Bringing back an old nursing home to its good old days

Offering additional services from alternative medicine to geriatrics, McCarthy Pvt. Hospital to make a comeback

The migraine attack is terrible. He takes the right hand and presses the point of his ballpoint pen to the flesh close to the end of the nail of the tiniest finger of one hand for a little while, followed by the same action to the other hand. Next he locates the "pressure points" on the sides of the forehead next to the eyes.

The migraine eases with the action. This is alternative-medicine practitioner Dr. Rasika Yamasinghe putting into practice on one of the Sunday Times journalists what he is offering his patients at the McCarthy Pvt. Hospital.

Embroiled in court cases filed by some family members, McCarthy -- the oldest and only private hospital in Cinnamon Gardens on a 60-perch block of prime land -- has seen better times, but Chairman Chandima de Silva is once again attempting to revive it to what it was in those early days.
Acupressure relies on the stimulation of the many pressure points in the human body to bring about not only pain relief but also shed all those extra pounds, says Dr. Yamasinghe who has specialized in this ancient form of alternative medicine. "Pressure points can be used to relieve stress and reduce fat," he says, explaining that it focuses on the flow of vital energy through the body along 14 meridians. The main pressure points are in the head region, arms and below the knees.

Dr. Yamasinghe has obtained his Doctor of Medicine degree in Ukraine, a Ph.D in Alternative Medicine in Sri Lanka and many diplomas.But he does not practise western medicine.

Referring to the slimming programme without a dieting and exercise regimen that he has introduced at McCarthy, he says people are required to come thrice a week for the "treatment" that involves a massage of the pressure points in sessions lasting 30 minutes each. The process takes about three months, with the person losing a pound a day.

Pressure-point technique is used to heal many ailments. Pic by M.A. Pushpa Kumara

Dr. Yamasinghe believes that he is the only person practising this type of slimming in the country.

When he connects the Sunday Times to a person who has successfully completed the slimming programme, we hear that this 67-year-old had lost 26 kilos, reducing from 86 to 60kg in two months. That was in July. Now she is maintaining her weight at 64kg. She does "guard" her mouth, having cut down on sugar and heavy meals.

Explaining that weight loss depends on the individual and the programme may have varying results according to the metabolic rate and physical build of that person, Dr. Yamasinghe says that on average a person is expected to lose between 5-20kg.

The same pressure-point technique is used for ailments such as migraine, sinusitis, frozen shoulder and diabetes, he says. Acupressure has no side effects, according to him, but is not carried out on expectant mothers and children below the age of 10 years.

Another aspect of the pressure-point stimulation is foot reflexology, adds Dr.
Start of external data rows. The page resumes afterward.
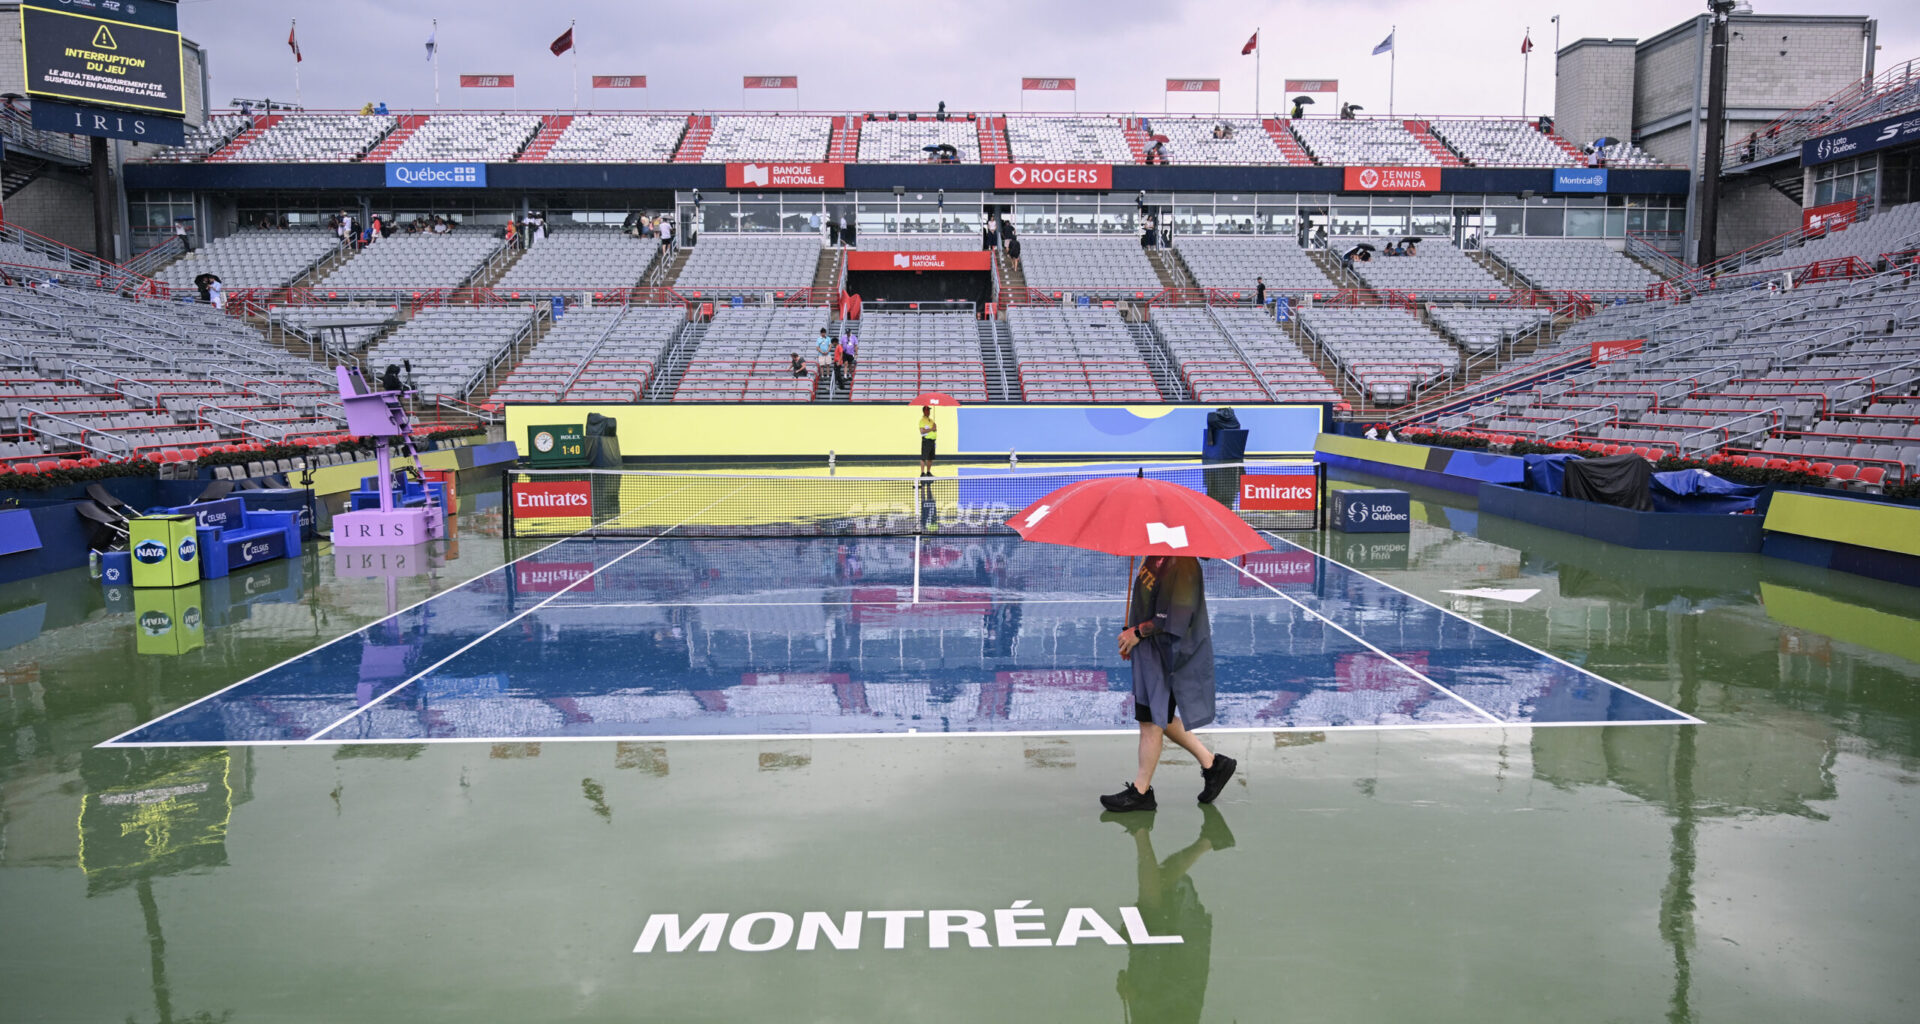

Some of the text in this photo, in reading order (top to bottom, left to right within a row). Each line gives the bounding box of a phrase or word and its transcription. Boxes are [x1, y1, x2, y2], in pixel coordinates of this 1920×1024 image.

[64, 48, 146, 67] INTERRUPTION
[86, 62, 127, 75] DU JEU
[59, 70, 75, 78] JEU
[81, 73, 148, 90] TEMPORAIREMENT
[148, 82, 163, 91] ÉTÉ
[44, 75, 85, 87] SUSPENDU
[96, 82, 125, 93] RAISON
[124, 86, 136, 94] DE
[135, 87, 146, 95] LA
[145, 89, 168, 99] PLUIE.
[74, 112, 146, 135] IRIS
[1833, 137, 1847, 146] Loto
[1832, 142, 1857, 154] Québec
[396, 167, 453, 183] Québec
[773, 166, 811, 175] BANQUE
[1030, 169, 1098, 183] ROGERS
[1382, 170, 1422, 179] TENNIS
[773, 176, 824, 185] NATIONALE
[1381, 179, 1426, 188] CANADA
[1560, 176, 1593, 185] Montréal
[562, 445, 580, 455] 1:40
[1244, 484, 1312, 499] Emirates
[517, 491, 588, 507] Emirates
[1371, 504, 1392, 513] Loto
[207, 512, 227, 522] CELSIUS
[1371, 512, 1407, 521] Québec
[344, 523, 404, 537] IRIS
[136, 549, 165, 557] NAYA
[180, 544, 195, 555] NAYA
[250, 543, 269, 554] CELSIUS
[632, 900, 1185, 953] MONTRÉAL
Yamasinghe. Foot pressure points relate to all organs, so their stimulation leads to the better functioning of these organs.
Sixty-nine-year-old Mr. de Silva who took over the reins of McCarthy in 1976 after the death of his father Dr. G.C.I. de Silva, having worked at state-owned as well as private plantations in the country, met the challenge head-on. There were only nine beds when he took over which he gradually increased to 15, he says with pride, going back in time. McCarthy had been founded way back in 1965.
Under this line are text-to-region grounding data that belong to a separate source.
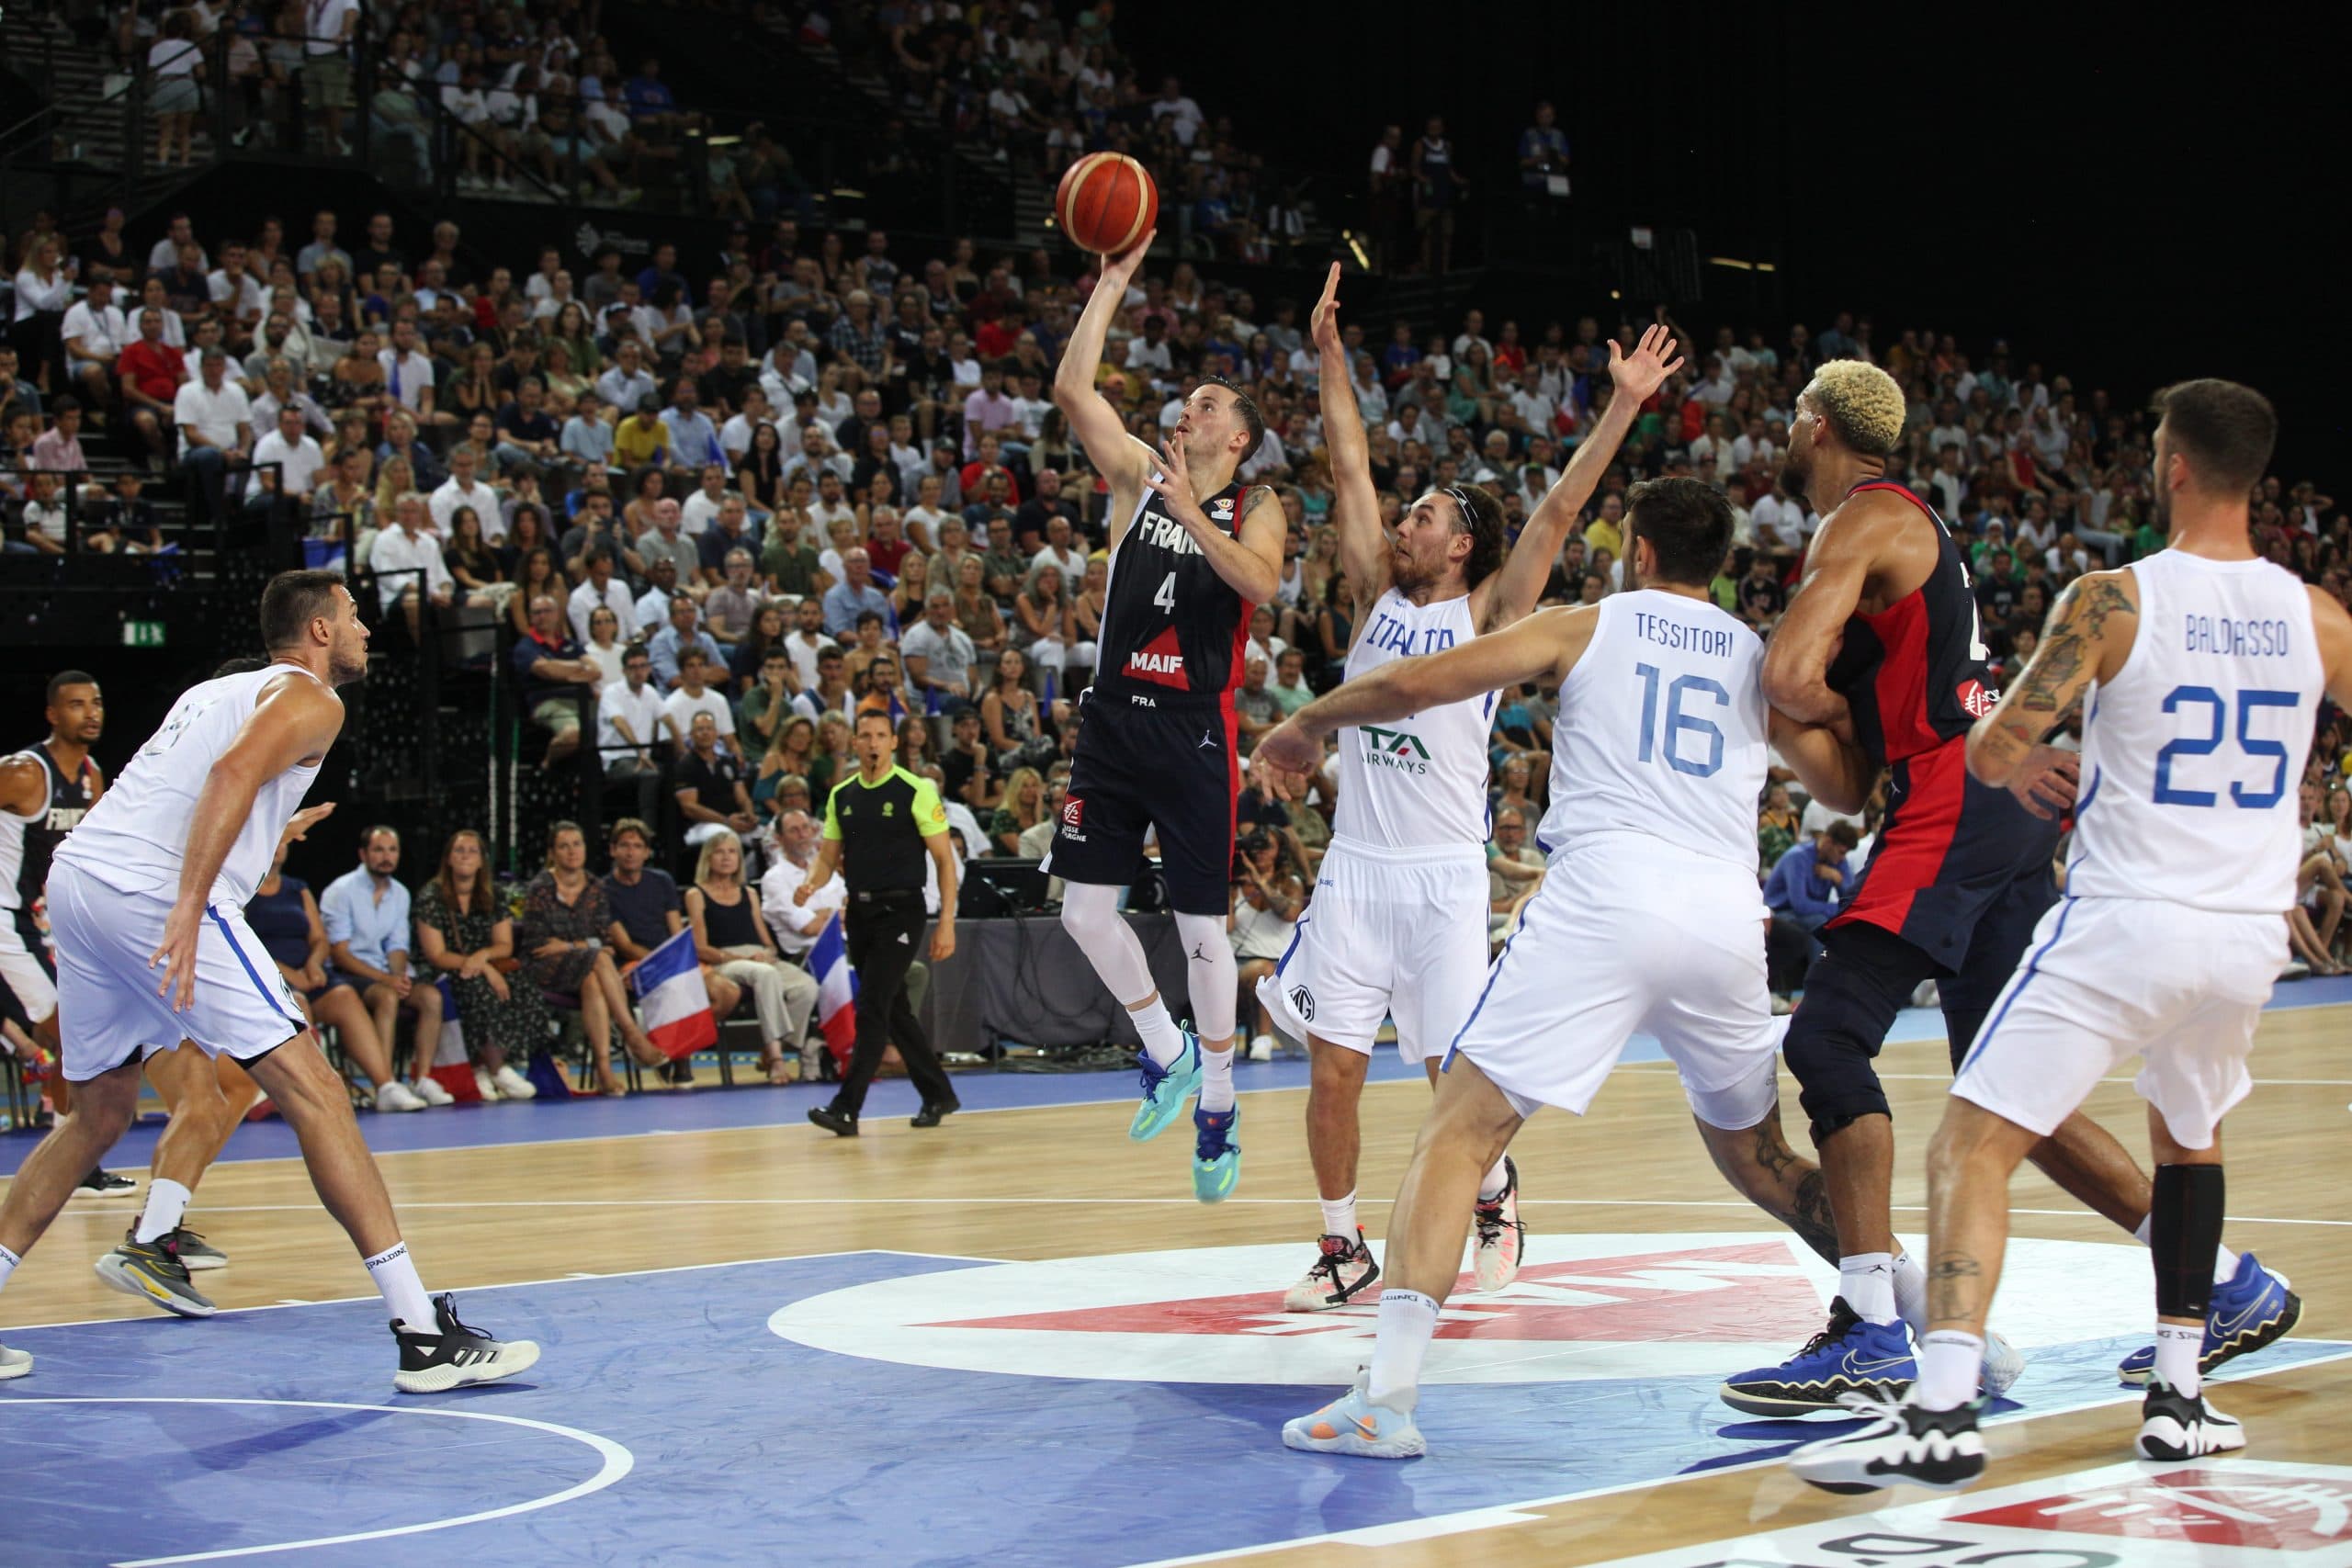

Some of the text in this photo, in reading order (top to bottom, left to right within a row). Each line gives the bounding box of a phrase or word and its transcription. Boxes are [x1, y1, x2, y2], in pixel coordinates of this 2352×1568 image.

[1153, 571, 1177, 615] 4
[1634, 613, 1734, 659] TESSITORI
[2185, 614, 2289, 657] BALDASSO
[1130, 651, 1183, 674] MAIF
[1131, 694, 1156, 708] FRA
[1634, 661, 1730, 779] 16
[2153, 684, 2301, 809] 25
He also persuaded more Consultants to visit McCarthy, but court action filed by some of his siblings led to an order to shut down the laboratory and the pharmacy which led to the decline of this hospital.
However, Mr. de Silva, who has also done a stint as Chairman of the Sri Jayewardenepura General Hospital (from 1998-2002) turning over a loss-making hospital to a viable one, is not ready to throw in the towel at McCarthy. He recalls how Sri Jayewardenepura Hospital was being ruled by a set of ruffians hand-in-glove with lazy attendants whom he got rid of soon after donning the mantle. "I cut down the food wastage in the hospital by about 70%," he says.

He is attempting to make McCarthy come back into the mainstream by introducing geriatric services, a dire need in this country, which is heading towards an ageing population. "We have more than half-occupancy now," he says, hoping to gradually start providing other medical services.

Going into detail about the geriatric services, he says McCarthy provides basic medical and nursing care and all the meals to any elderly patient who is warded here. Each room has an attached toilet, a TV, a mini refrigerator, an extra bed and attendants on rotation. Any Specialist channelling would be an extra.

Mr. de Silva's vision for McCarthy includes refurbishing the private hospital including the operating theatre and introducing services like cataract surgery.